新雪を踏む


コツン、コツン、コツン。金属が陶器のトレーに置かれる音が小さく響く。照明はぼんやりとしていて、ベッドのそばには温かみのある間接照明が設置されている。音楽はこれといって流れていないから、空気清浄機の音だけが静かにコォーっと音を立てていた。
コツンという音が10回したあと、ベッドのスプリングが揺れた。ナマエは心臓をどきりと跳ね上がらせ、近づいてくる熱源に期待と不安をない交ぜにしながら待った。

「ナマエちゃん、緊張してる?」
「えっ!いえ!そんなことないです!」
「ほんとにぃ?その割には身体カタくない?」

後ろからゆっくりと抱きすくめられる。回された男のたくましい腕に視線を落とすと、普段はいかつい指輪に彩られている指が素のままの状態で自分のことを抱いていた。指先がゆっくりと動く。バスローブの中に忍び込んでくる。

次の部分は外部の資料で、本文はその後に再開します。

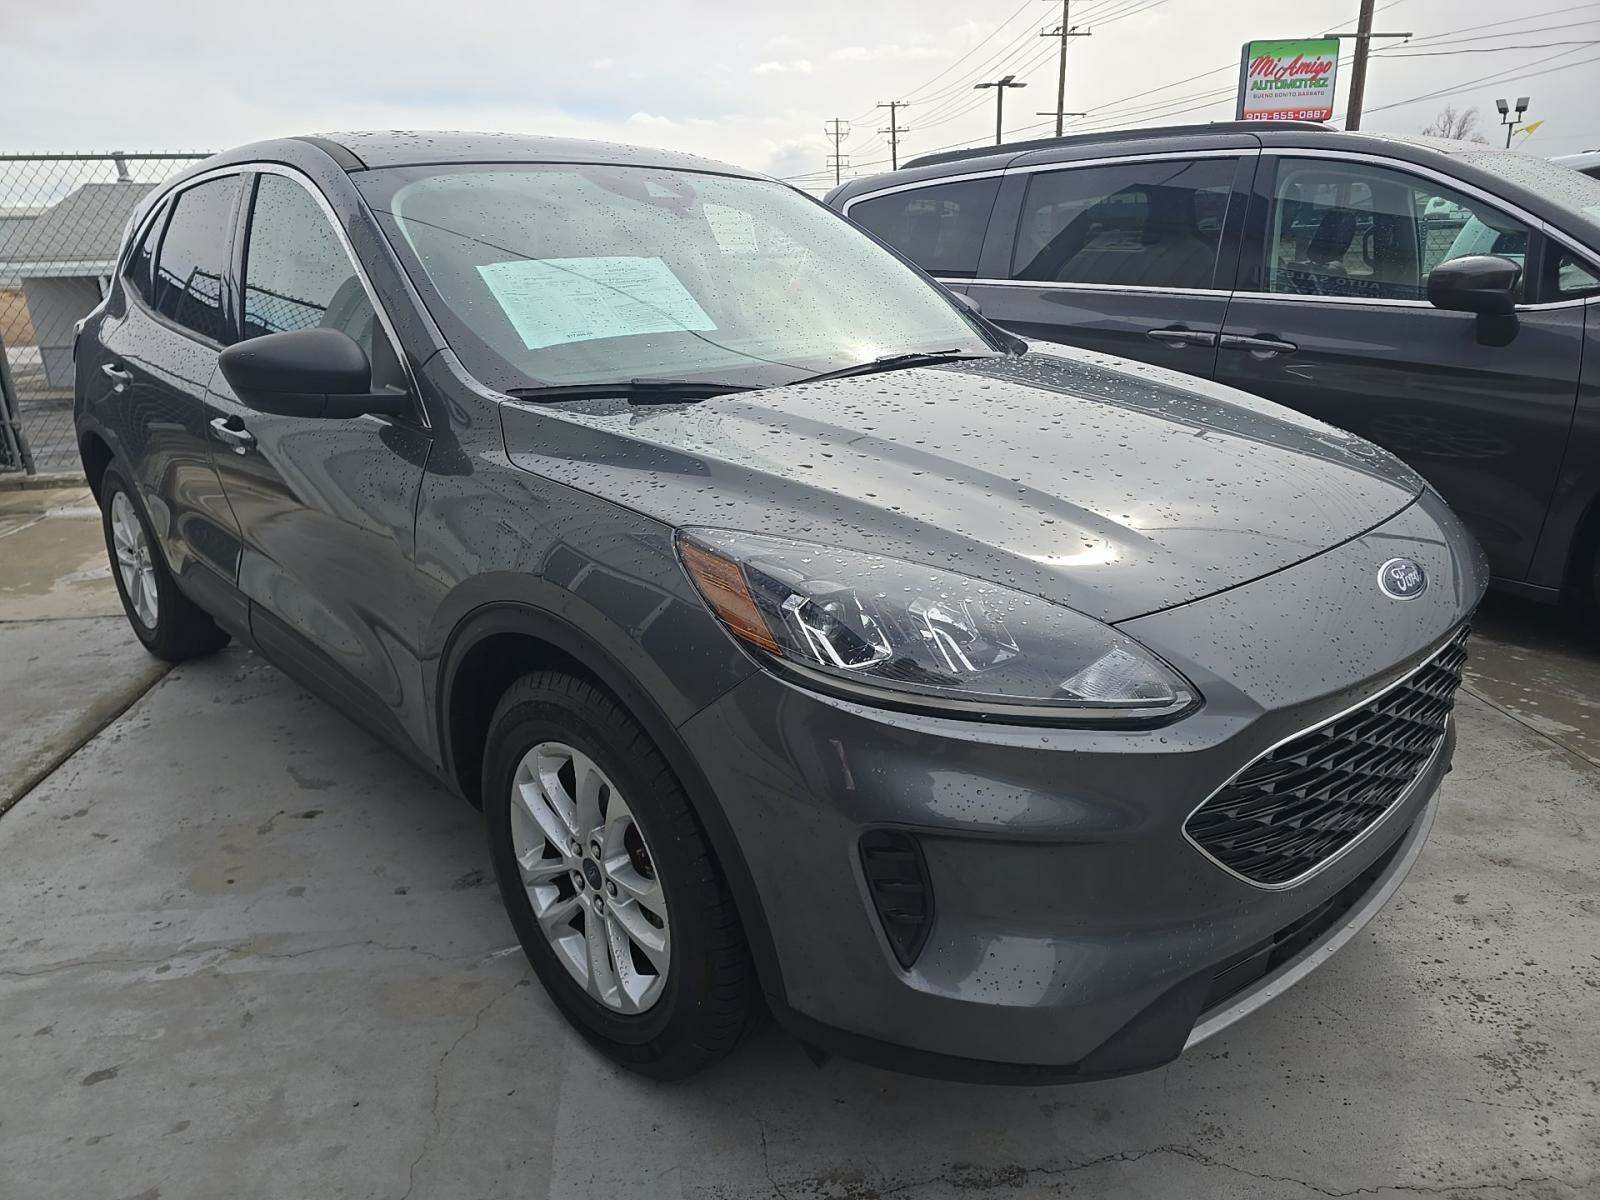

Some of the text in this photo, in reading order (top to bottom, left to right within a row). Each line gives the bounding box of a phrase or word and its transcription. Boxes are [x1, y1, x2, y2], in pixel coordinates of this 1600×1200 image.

[1249, 53, 1332, 81] Mi Amigo
[1251, 77, 1329, 91] AUTOMOTRIZ
[1390, 564, 1420, 592] Ford
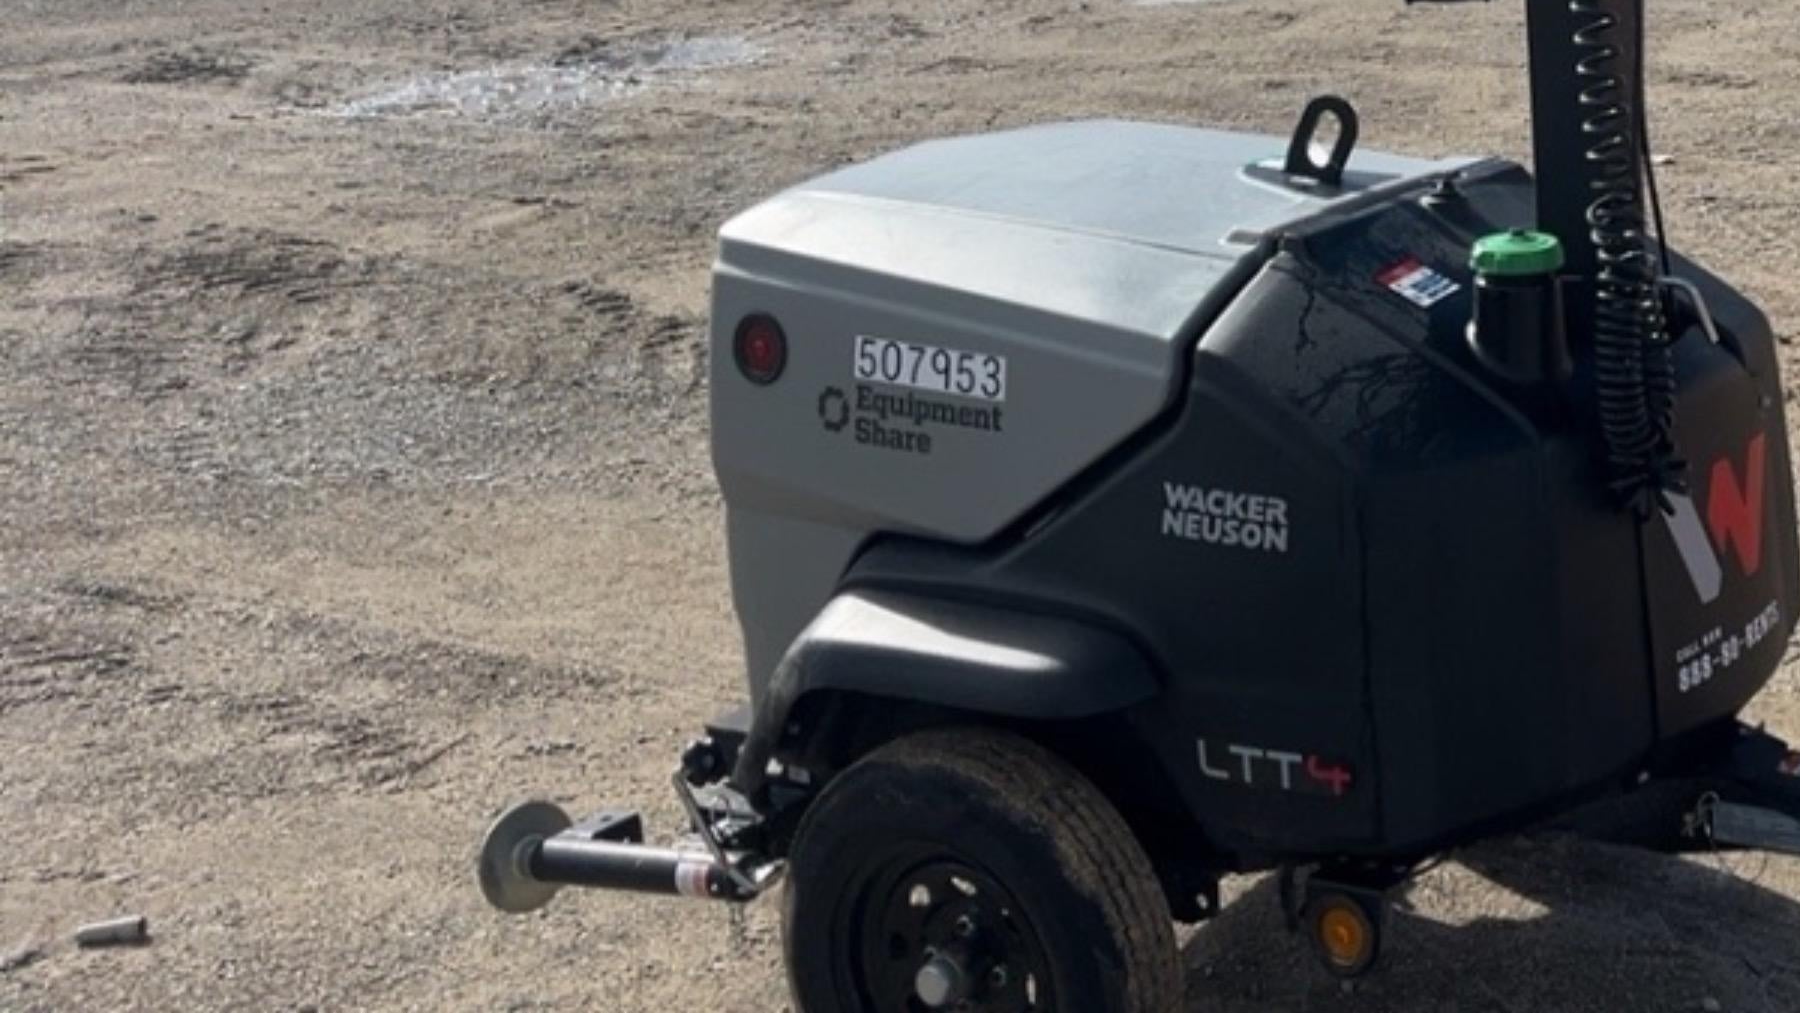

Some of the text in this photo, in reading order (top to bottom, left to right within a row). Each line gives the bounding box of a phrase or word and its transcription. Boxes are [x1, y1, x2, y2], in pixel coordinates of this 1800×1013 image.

[857, 338, 1001, 399] 507953
[856, 385, 1003, 433] Equipment
[854, 416, 932, 454] Share
[1162, 481, 1289, 525] WACKER
[1161, 508, 1289, 552] NEUSON
[1197, 738, 1351, 796] LTT4

事の発端は、三時間ほど前、行きつけのバーで飲んでいたときのことだった。サバイバーという店はスナック街に位置しているジャズバーである。マスターは強面だが優しいし、酒はうまいし、適度に閑古鳥が鳴いていて居心地が良い。

「ハン・ジュンギは良いよなぁ」
「何がです?」
「だってよぉ、それだけイケメンなら俺みたいな苦労はしたことねぇんだろ?」

そうしてカウンター席でハン・ジュンギに絡み酒を始めたのはナンバである。ピアノの側でそれを断片的に聞いていただけのナマエでも大体どんな話をしているのかは読めた。きっと女性関係の縁のなさがどうのこうのとかそういう話だろう。ハン・ジュンギは自他共に認める美形である。確かにあのビジュアルなら女たちは放っておかないだろう。もっとも、それが本人の望むところなのかどうかはわからないけれど。

「ちょっとナンちゃん飲み過ぎよ?はいお水飲んで」
「俺だって、俺だってよぉ〜」

ナンバの反対側に座っていた紗栄子がマスターの用意してくれた水を勧めた。ナンバはそれをひよひよと頼りない動きで受け取り、ゴクンと飲み干す。まぁあの一杯程度で酔いは覚めないだろう。
ちらりと視線をソファに移すと、そこでは春日とえりが仕事の話を交えながら酒を酌み交わしている。ナマエもべつに輪の中に入れていないとかそういうわけではなくて、同じくピアノの側で飲んでいた足立がお手洗いに立ったために瞬間的に一人になっているだけだった。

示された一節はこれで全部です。